—Dejarlo—respondió Febrero suspirando.—¿Qué más da? Yo me voy de caza, de pesca, de monte...., de cualquier cosa.... Y no oiré, ni entenderé, ni me tropezaré con Cáñamo, ni con Nozales, ni con Don Celso Palmares, que después de andar diciendo que se moriría sin firmar una sentencia de muerte, ha firmado ésta.... Me libraré del espectáculo ridículo de la versatilidad de las muchedumbres; no veré á los mismos que hoy clamaban «vindicta pública», telegrafiar á los Diputados y Senadores para conseguir ese otro absurdo que llaman indulto....

—¿Sentiría V. que indultasen á su defendida?
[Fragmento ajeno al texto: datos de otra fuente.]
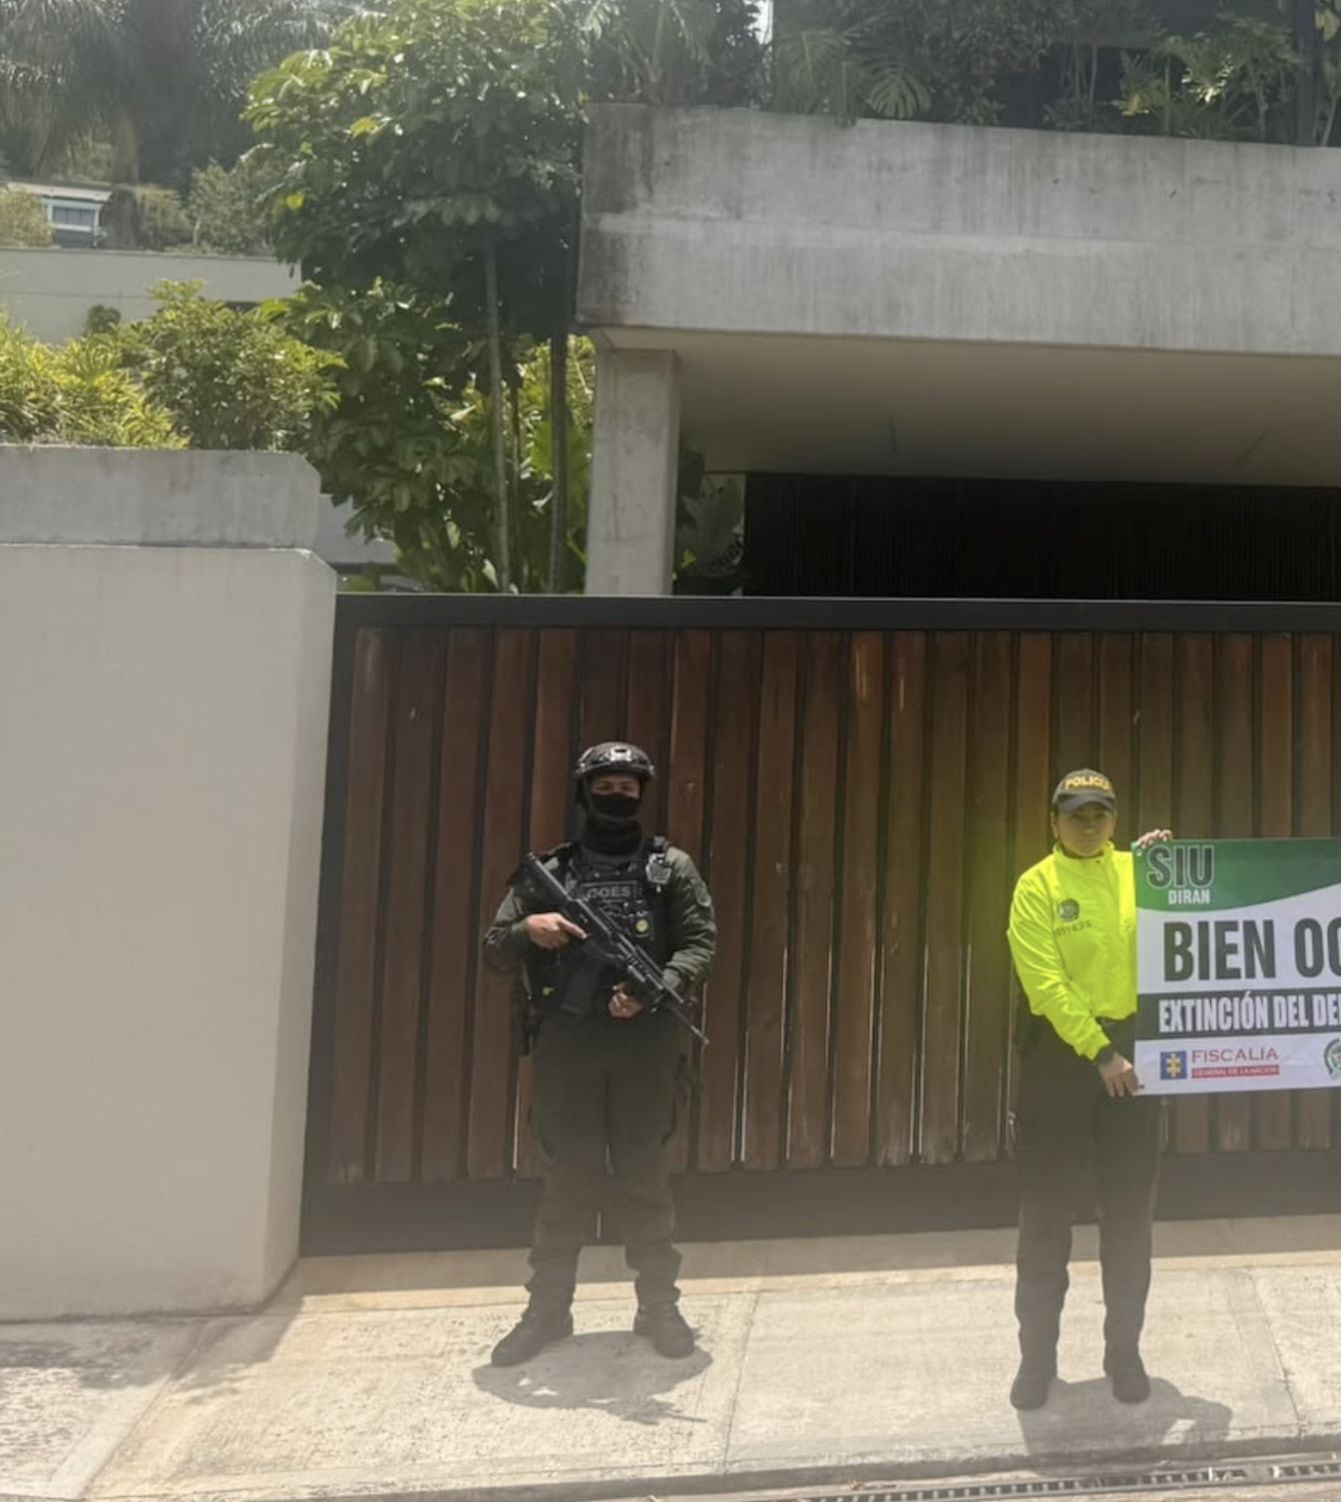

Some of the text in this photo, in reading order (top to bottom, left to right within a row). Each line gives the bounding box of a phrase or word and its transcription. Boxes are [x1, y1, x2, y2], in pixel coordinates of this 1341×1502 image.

—Sé que no la indultarán: corren vientos de severidad. Pero el indulto me subleva. Ó no condenar, ó no perdonar á capricho. La clemencia ministerial (ni real es) corre parejas con la justicia histórica.... Ea, adiós, Señor Don Pelayo; á menos que quiera V. acompañarme á la Cárcel.... Voy á despedirme de esa infeliz, y á darle ánimos, haciéndola creer mil embustes. ¿Me ayuda V. á mentir? ¿Sí? ¡Cuánto me alegro!


XIV

El Doctor aún no acababa de resolverse. Estaba en uno de esos períodos en que el corazón pide más descanso que lucha. ¡De cuán endeble contextura es la hebra del destino humano! ¡Cuán insignificante puede ser el movimiento psíquico que tal vez decide de una existencia!

Moragas miró á los vidrios de su ventana y notó que hacía un sol radiante, un día de Junio espléndido y no caluroso; y por esto y por la simpatía que le inspiraba Lucio, pensó, «pecho al agua»; se puso el sobretodo gris, y bajó las escaleras de muy buen talante.

Hállase enclavada la Cárcel de Marineda al extremo inferior del Barrio de Arriba; por un lado mira al mar, por otro—donde tiene su principal entrada—á una plazoleta irregular y en declive, entre cuyas baldosas crece la hierba. El aspecto de esta plazoleta es de los que enamoran al artista y desazonan al edil fomentador de reformas urbanas. Á la derecha, el gótico caserón de un noble; á la izquierda, la alta pared de la Audiencia; en primer término callejuelas y calles, y allá en el fondo, azul bahía.—Construida en el último tercio del siglo pasado, la Cárcel de Marineda guarda algunas fúnebres memorias de nuestros disturbios políticos: enséñase el calabozo de donde salieron varios liberales para la horca, y ciertos realistas á tripular un barco que en mitad de la bahía se desfondó, arrastrando al abismo su tripulación maniatada.

—¿Sabe V.—pronunció Moragas deteniéndose antes de franquear la puerta—que la Cárcel es angustiosa y triste ya antes de que se ponga en ella el pie? Esas rejas triples, comidas de orín, parecen telarañas urdidas por la coacción y el aburrimiento.